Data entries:
<<<<

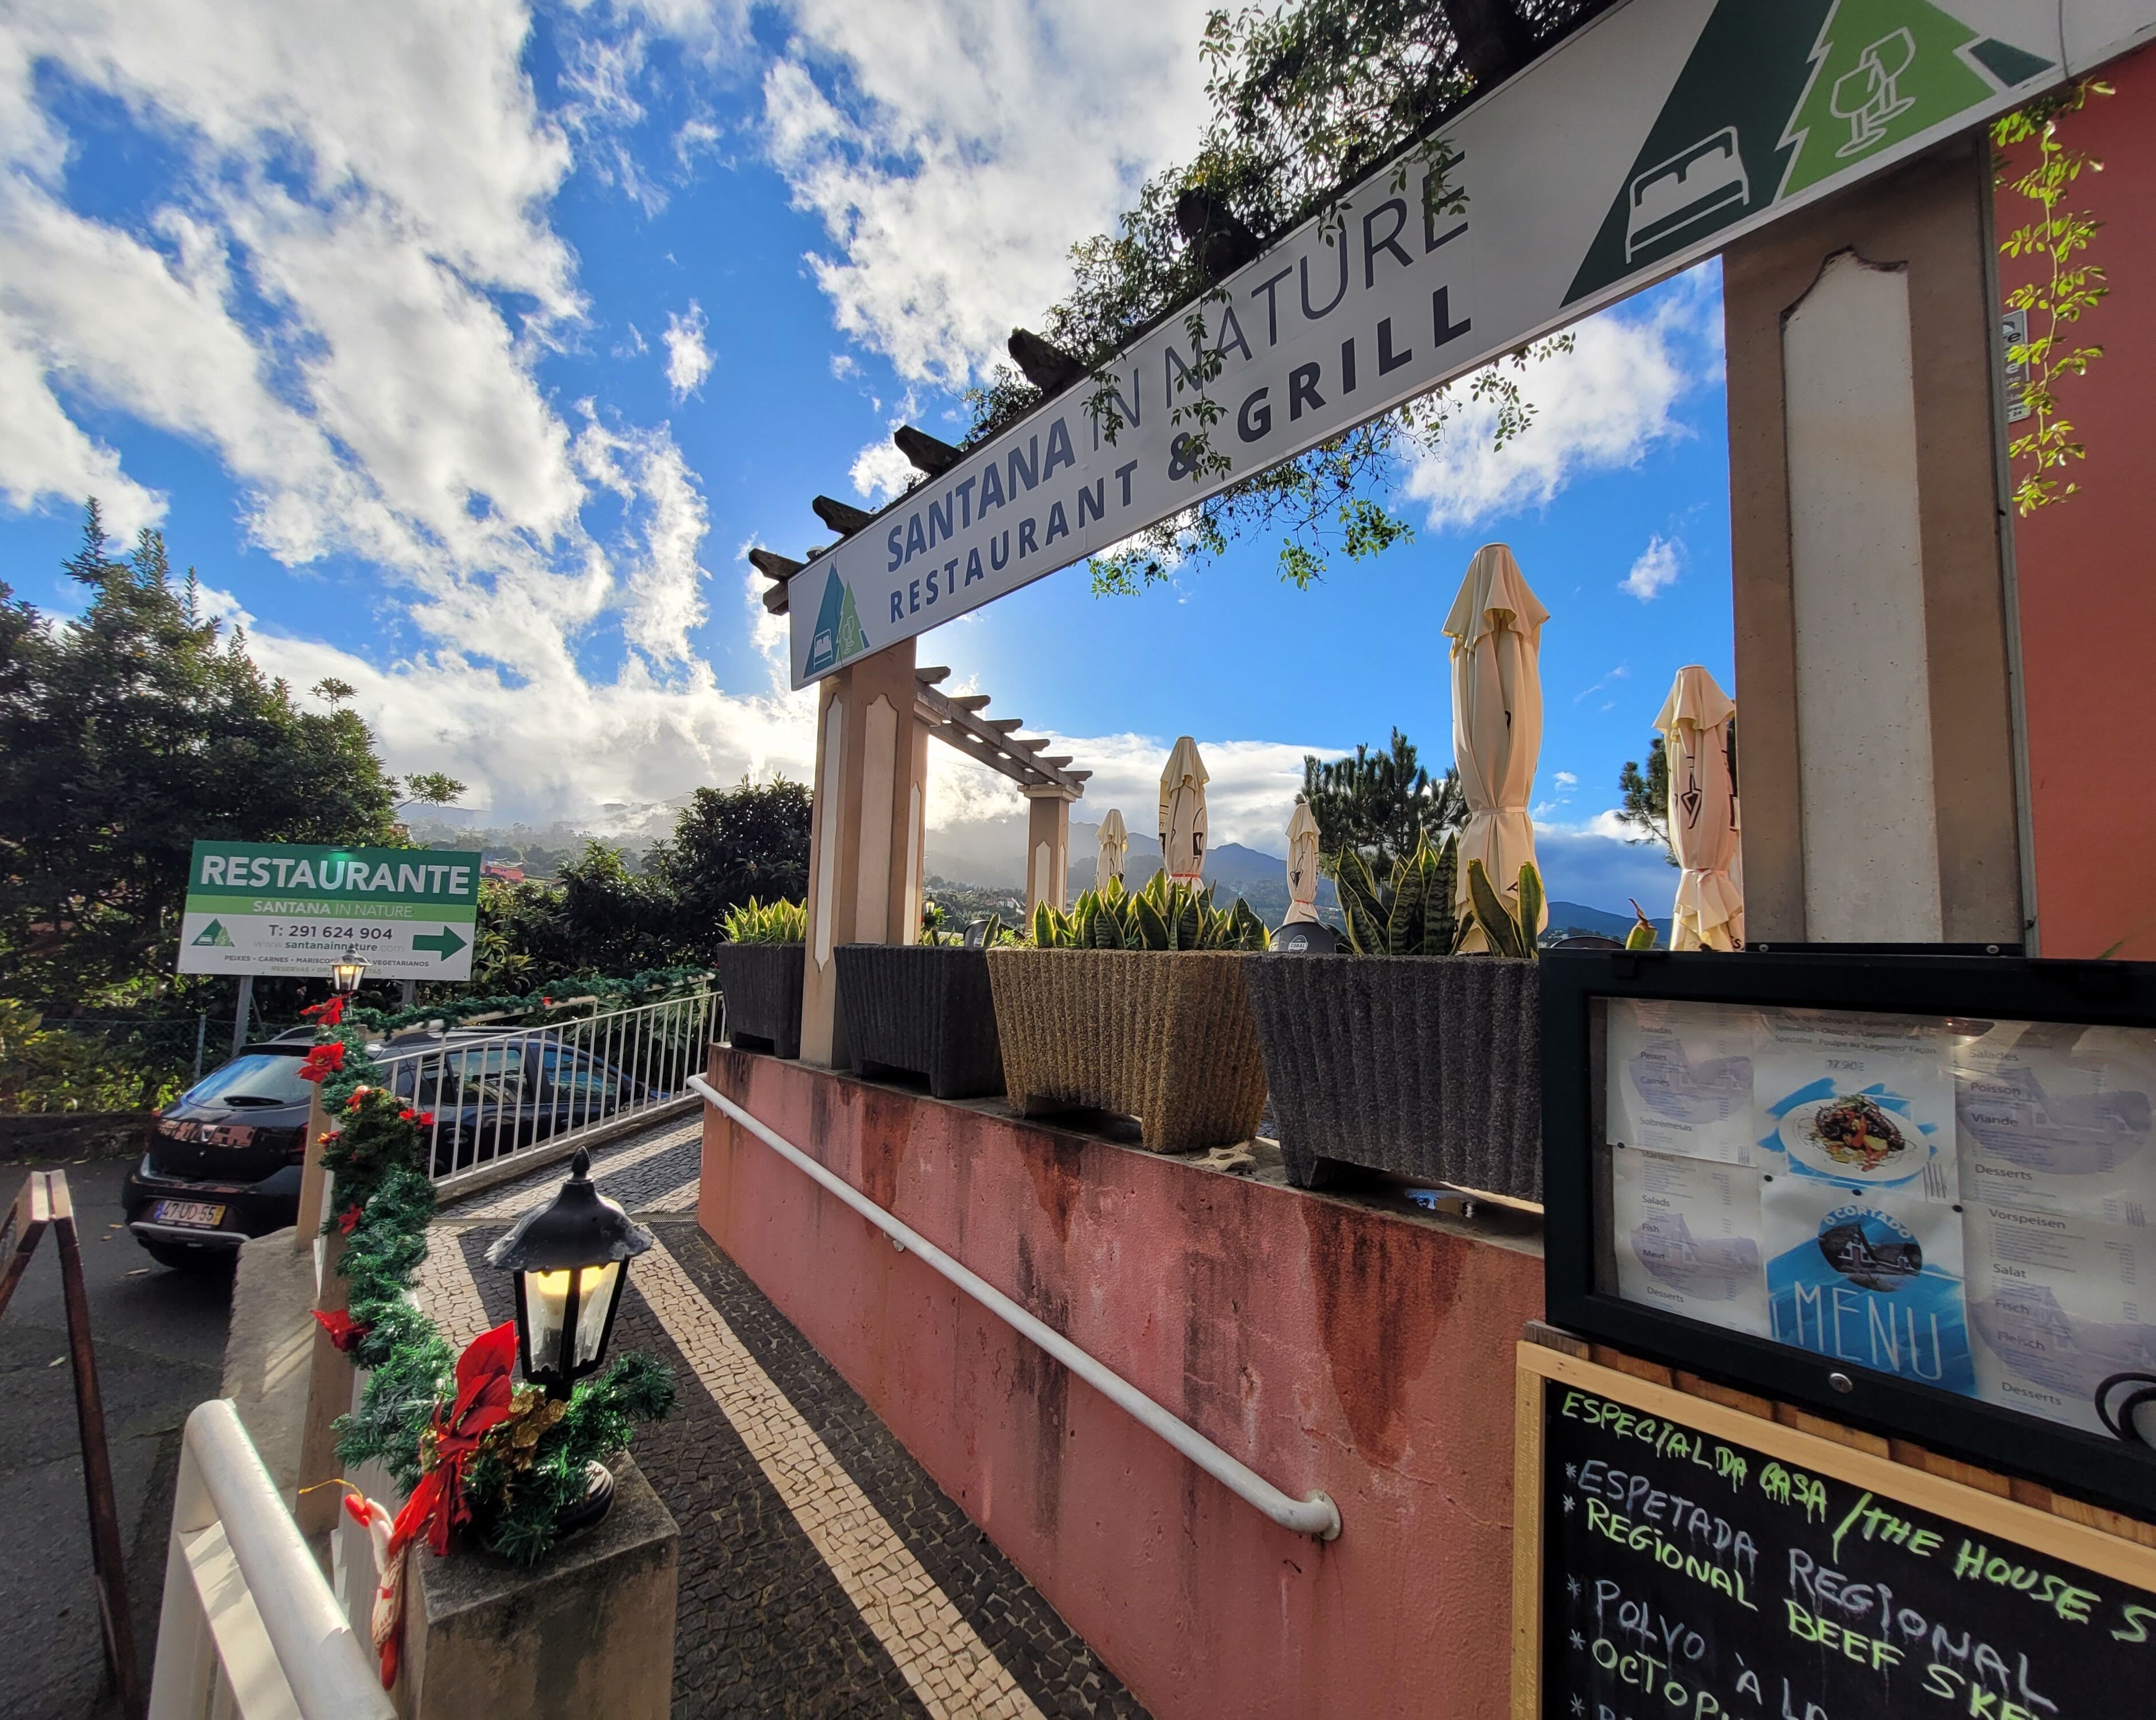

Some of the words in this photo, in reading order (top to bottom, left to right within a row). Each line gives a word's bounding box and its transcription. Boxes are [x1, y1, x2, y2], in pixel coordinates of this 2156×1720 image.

[888, 417, 1076, 572] SANTANA
[1165, 150, 1468, 409] NATURE
[890, 459, 1138, 624] RESTAURANT
[1237, 284, 1471, 443] GRILL
[201, 855, 470, 894] RESTAURANTE
[253, 901, 331, 914] SANTANA
[335, 903, 351, 916] IN
[355, 904, 413, 917] NATURE
[269, 924, 283, 936] T:
[289, 925, 317, 937] 291
[323, 926, 354, 939] 624
[360, 928, 393, 940] 904
[254, 941, 404, 952] www.santanainnture.com
[1970, 1049, 2018, 1061] Salades
[1641, 1076, 1670, 1086] Carnes
[1970, 1082, 2021, 1096] Poisson
[1639, 1117, 1693, 1132] Sobremesas
[1971, 1112, 2018, 1127] Viande
[1975, 1164, 2033, 1180] Desserts
[1642, 1195, 1670, 1207] Salads
[162, 1202, 216, 1221] 47-UD-55
[1988, 1208, 2067, 1229] Vorspeisen
[1642, 1223, 1659, 1233] Fish
[1837, 1205, 1912, 1238] CORTADO
[1643, 1249, 1665, 1260] Meat
[1993, 1263, 2027, 1279] Salat
[1647, 1286, 1684, 1303] Desserts
[1995, 1299, 2030, 1315] Fisch
[1795, 1280, 1942, 1381] MENU
[1998, 1331, 2045, 1351] Fleisch
[2002, 1382, 2062, 1405] Desserts
[1561, 1391, 1713, 1470] ESPECIAL
[1760, 1462, 1827, 1522] CASA
[1954, 1539, 2103, 1625] HOUSE
[1578, 1459, 1759, 1566] ESPETADA
[1788, 1549, 2059, 1713] REGIONAL
[1596, 1580, 1705, 1660] POLVO
[1784, 1598, 1906, 1671] BEEF

>>>>

All entries must be written out again exactly as given, with no pictures in the copy.

__Task answer__:
Some of the words in this photo, in reading order (top to bottom, left to right within a row). Each line gives a word's bounding box and its transcription. Boxes are [x1, y1, x2, y2], in pixel coordinates of this 2156×1720 image.

[888, 417, 1076, 572] SANTANA
[1165, 150, 1468, 409] NATURE
[890, 459, 1138, 624] RESTAURANT
[1237, 284, 1471, 443] GRILL
[201, 855, 470, 894] RESTAURANTE
[253, 901, 331, 914] SANTANA
[335, 903, 351, 916] IN
[355, 904, 413, 917] NATURE
[269, 924, 283, 936] T:
[289, 925, 317, 937] 291
[323, 926, 354, 939] 624
[360, 928, 393, 940] 904
[254, 941, 404, 952] www.santanainnture.com
[1970, 1049, 2018, 1061] Salades
[1641, 1076, 1670, 1086] Carnes
[1970, 1082, 2021, 1096] Poisson
[1639, 1117, 1693, 1132] Sobremesas
[1971, 1112, 2018, 1127] Viande
[1975, 1164, 2033, 1180] Desserts
[1642, 1195, 1670, 1207] Salads
[162, 1202, 216, 1221] 47-UD-55
[1988, 1208, 2067, 1229] Vorspeisen
[1642, 1223, 1659, 1233] Fish
[1837, 1205, 1912, 1238] CORTADO
[1643, 1249, 1665, 1260] Meat
[1993, 1263, 2027, 1279] Salat
[1647, 1286, 1684, 1303] Desserts
[1995, 1299, 2030, 1315] Fisch
[1795, 1280, 1942, 1381] MENU
[1998, 1331, 2045, 1351] Fleisch
[2002, 1382, 2062, 1405] Desserts
[1561, 1391, 1713, 1470] ESPECIAL
[1760, 1462, 1827, 1522] CASA
[1954, 1539, 2103, 1625] HOUSE
[1578, 1459, 1759, 1566] ESPETADA
[1788, 1549, 2059, 1713] REGIONAL
[1596, 1580, 1705, 1660] POLVO
[1784, 1598, 1906, 1671] BEEF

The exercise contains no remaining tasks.